Work instruction
Leaving out the pictures, output each record exactly as it stands.

Exercise input
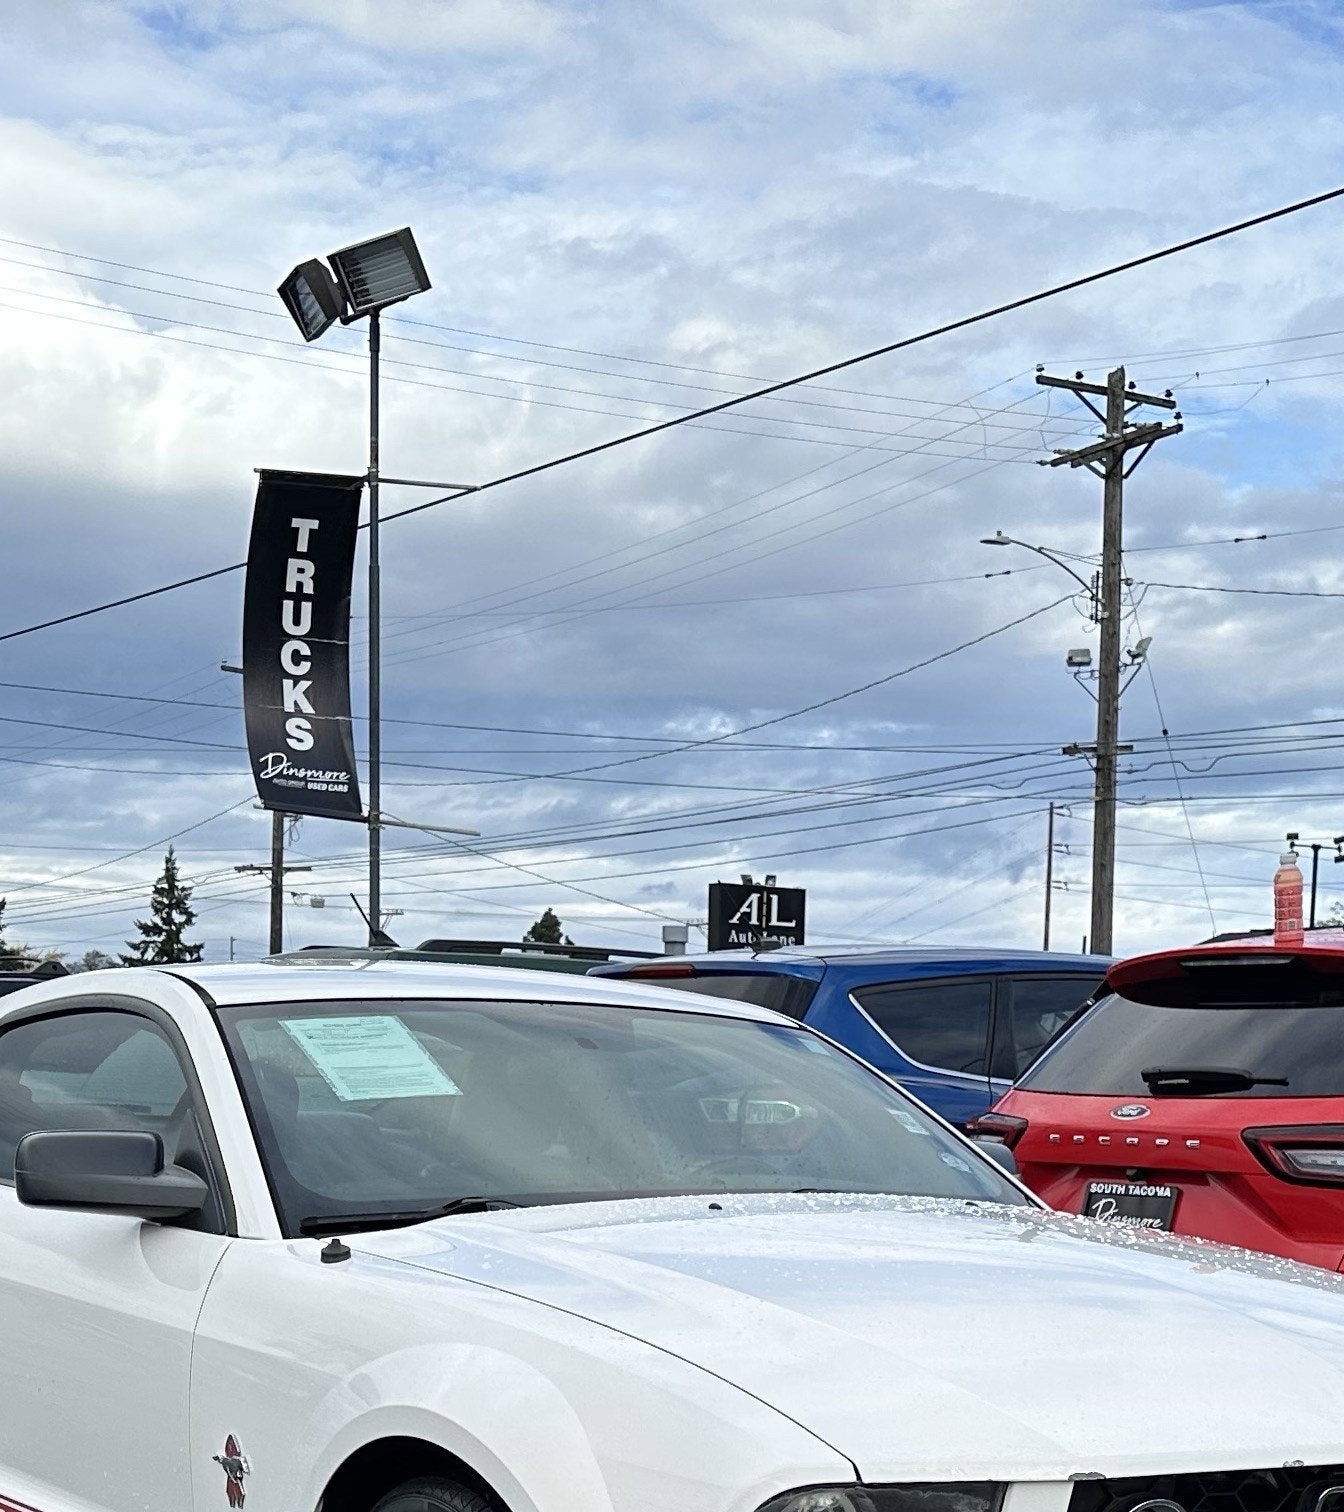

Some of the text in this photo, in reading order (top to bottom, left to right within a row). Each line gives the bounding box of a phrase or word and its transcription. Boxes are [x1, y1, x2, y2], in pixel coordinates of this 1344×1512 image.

[280, 518, 320, 751] TRUCKS
[259, 752, 351, 780] Dinsmore
[1089, 1183, 1126, 1195] SOUTH
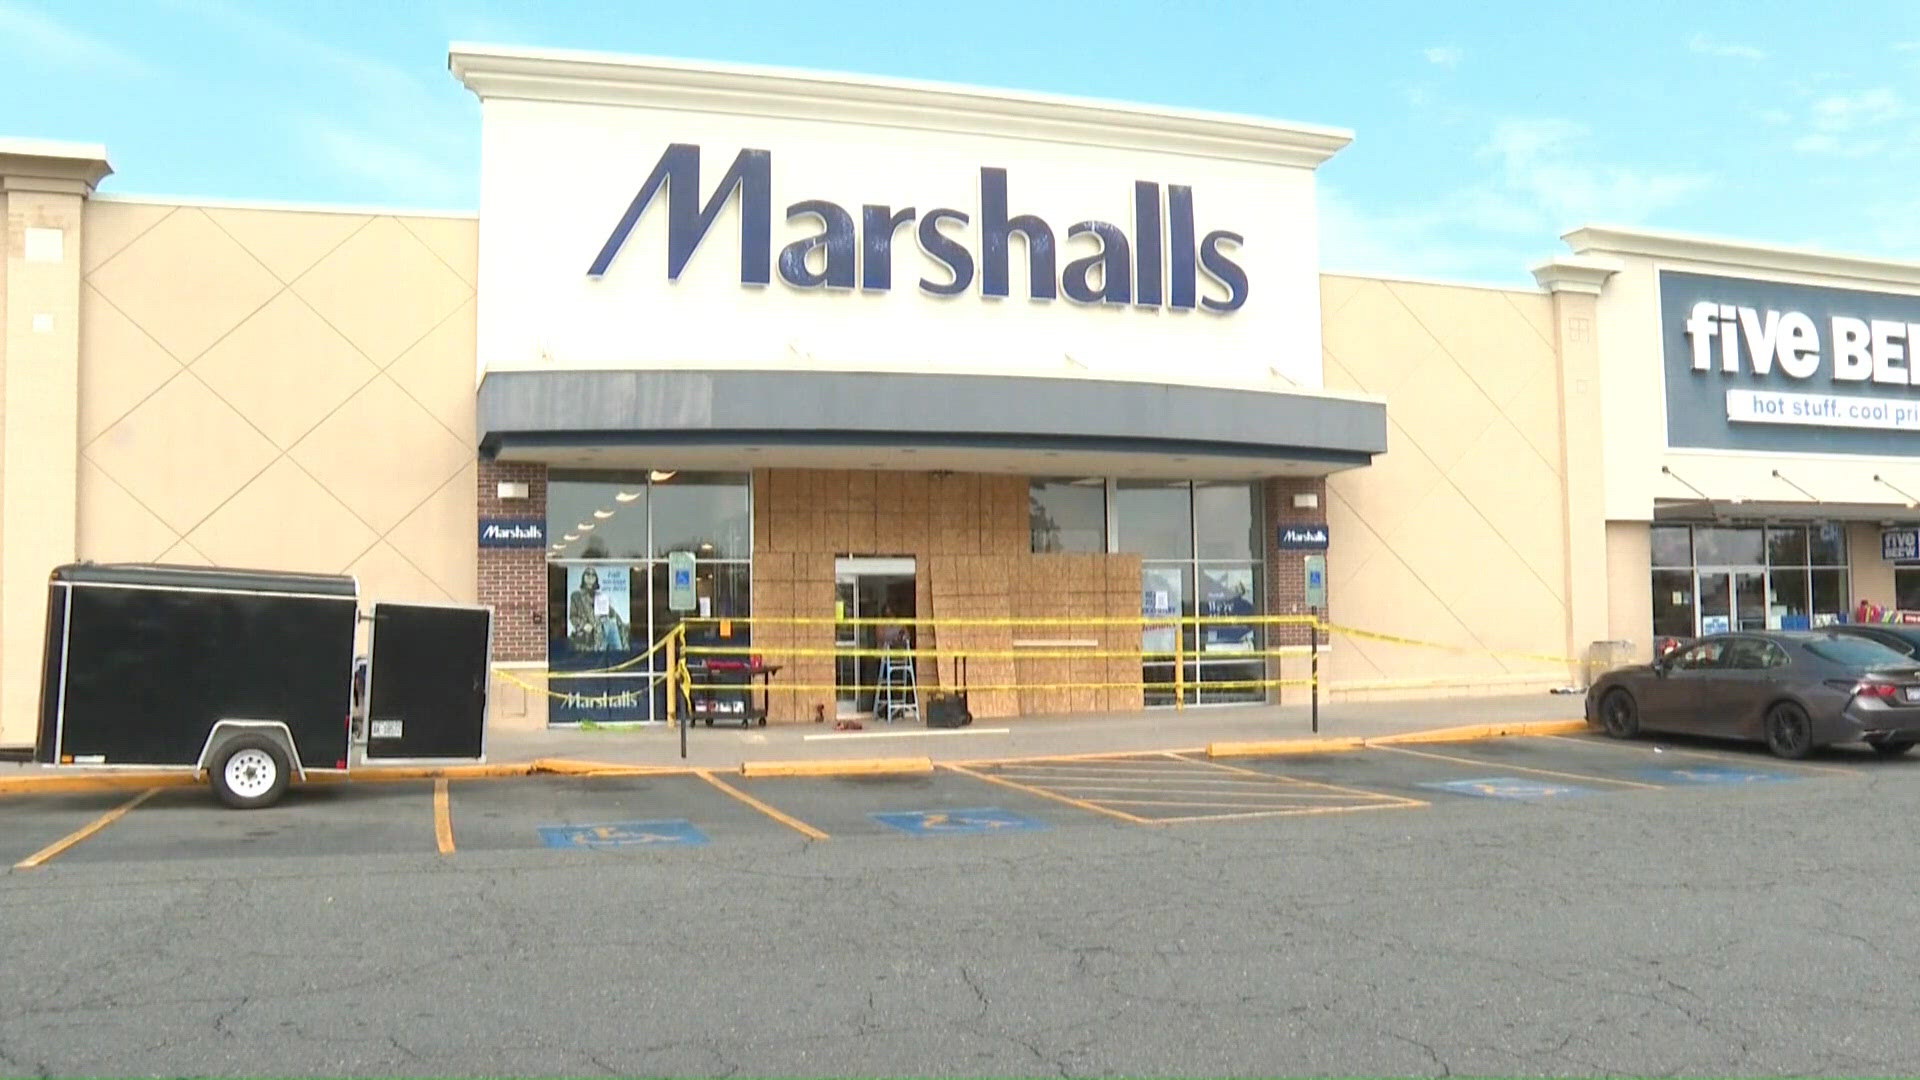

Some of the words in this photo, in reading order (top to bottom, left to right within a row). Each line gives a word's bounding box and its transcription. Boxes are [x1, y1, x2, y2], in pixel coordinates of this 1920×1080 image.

[586, 142, 1249, 313] Marshalls
[1686, 301, 1820, 379] five
[1753, 395, 1784, 415] hot
[1793, 399, 1841, 418] stuff.
[1849, 403, 1888, 420] cool
[1895, 404, 1919, 425] pri
[482, 525, 543, 539] Marshalls
[1283, 530, 1327, 543] Marshalls
[560, 690, 638, 709] Marshalls
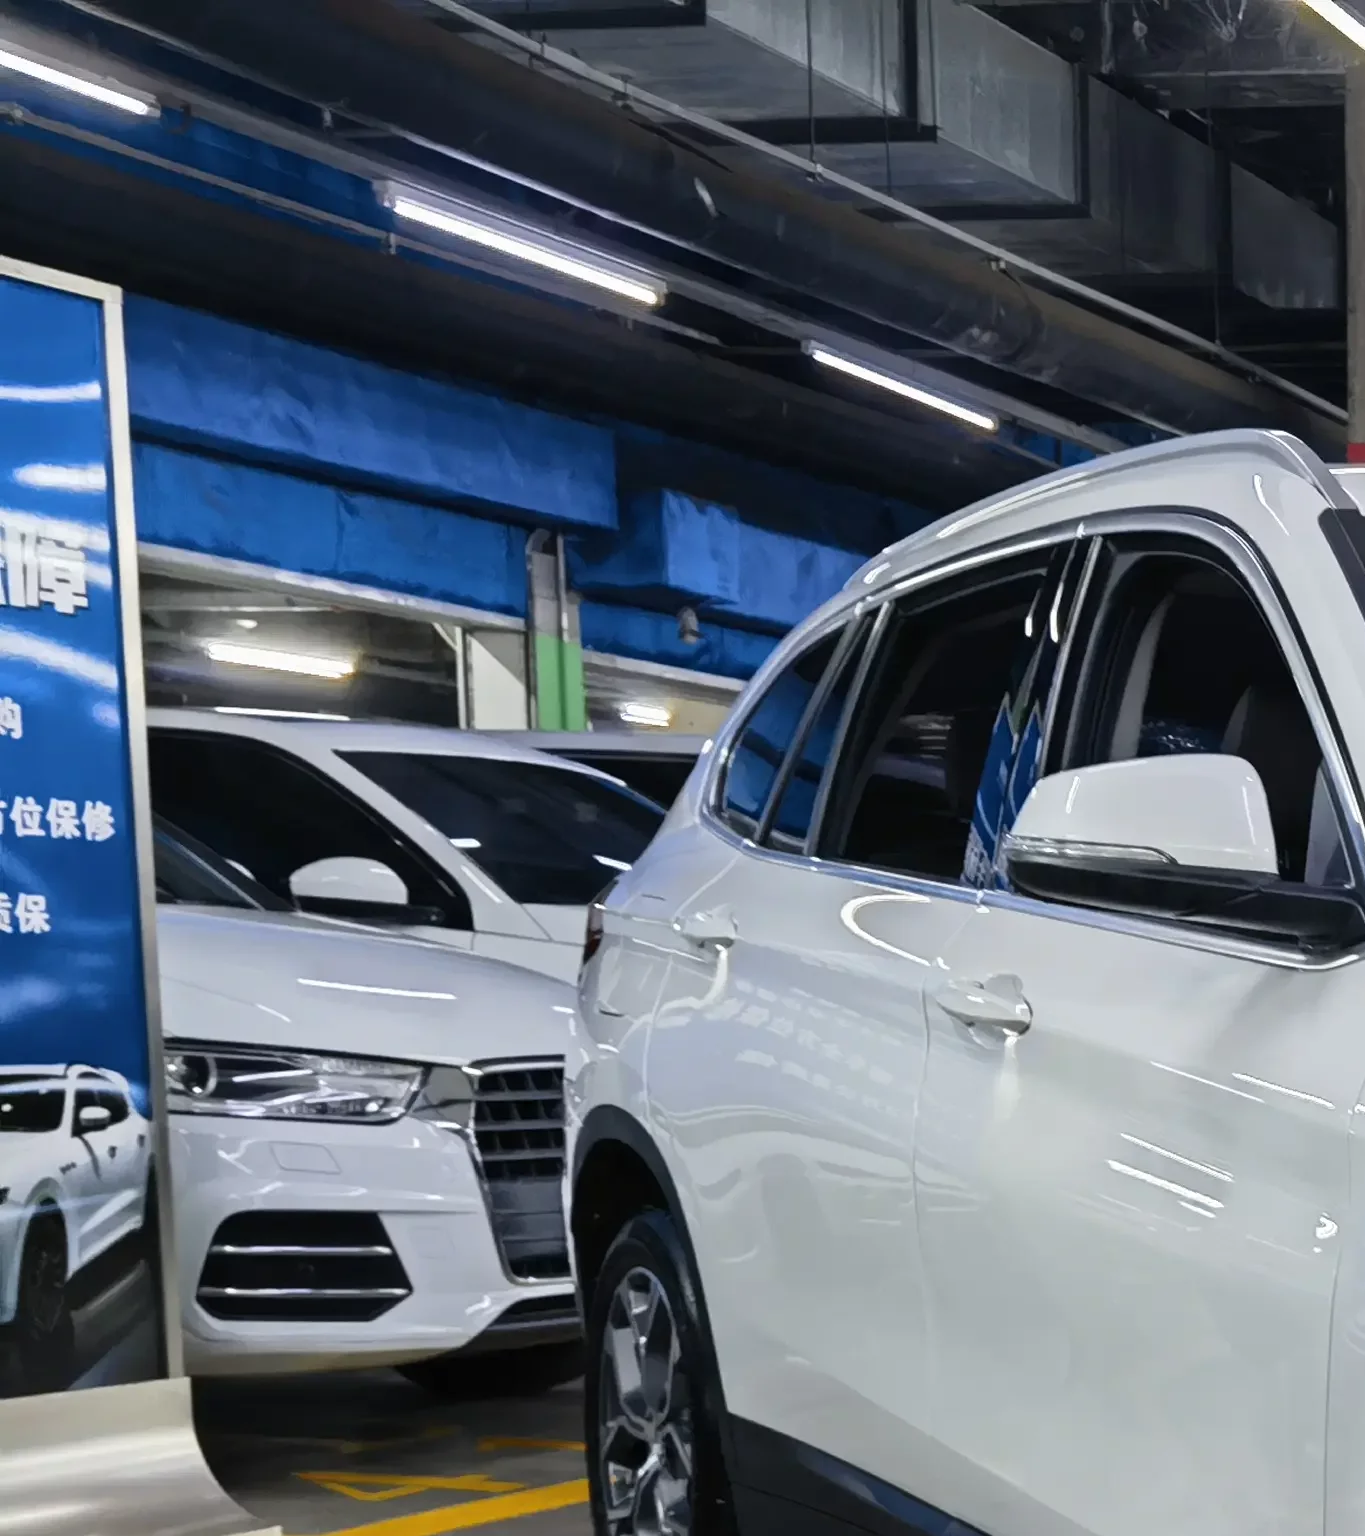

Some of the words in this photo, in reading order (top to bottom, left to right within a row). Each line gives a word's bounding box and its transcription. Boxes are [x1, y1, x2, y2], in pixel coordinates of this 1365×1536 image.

[0, 517, 89, 615] 障
[0, 796, 116, 841] 位保修

Response for this exercise
Some of the text in this photo, in reading order (top to bottom, left to right within a row). Each line gives the bounding box of a phrase or word and its transcription. Boxes are [x1, y1, x2, y2], in pixel coordinates of this 1344×1512 image.

[280, 518, 320, 751] TRUCKS
[259, 752, 351, 780] Dinsmore
[1089, 1183, 1126, 1195] SOUTH

Some of the words in this photo, in reading order (top to bottom, left to right within a row). Each line gives a word's bounding box and its transcription. Boxes are [x1, y1, x2, y2], in pixel coordinates of this 1920×1080 image.

[586, 142, 1249, 313] Marshalls
[1686, 301, 1820, 379] five
[1753, 395, 1784, 415] hot
[1793, 399, 1841, 418] stuff.
[1849, 403, 1888, 420] cool
[1895, 404, 1919, 425] pri
[482, 525, 543, 539] Marshalls
[1283, 530, 1327, 543] Marshalls
[560, 690, 638, 709] Marshalls

Some of the words in this photo, in reading order (top to bottom, left to right within a row). Each line gives a word's bounding box and its transcription. Boxes are [x1, y1, x2, y2], in pixel coordinates of this 1365×1536 image.

[0, 517, 89, 615] 障
[0, 796, 116, 841] 位保修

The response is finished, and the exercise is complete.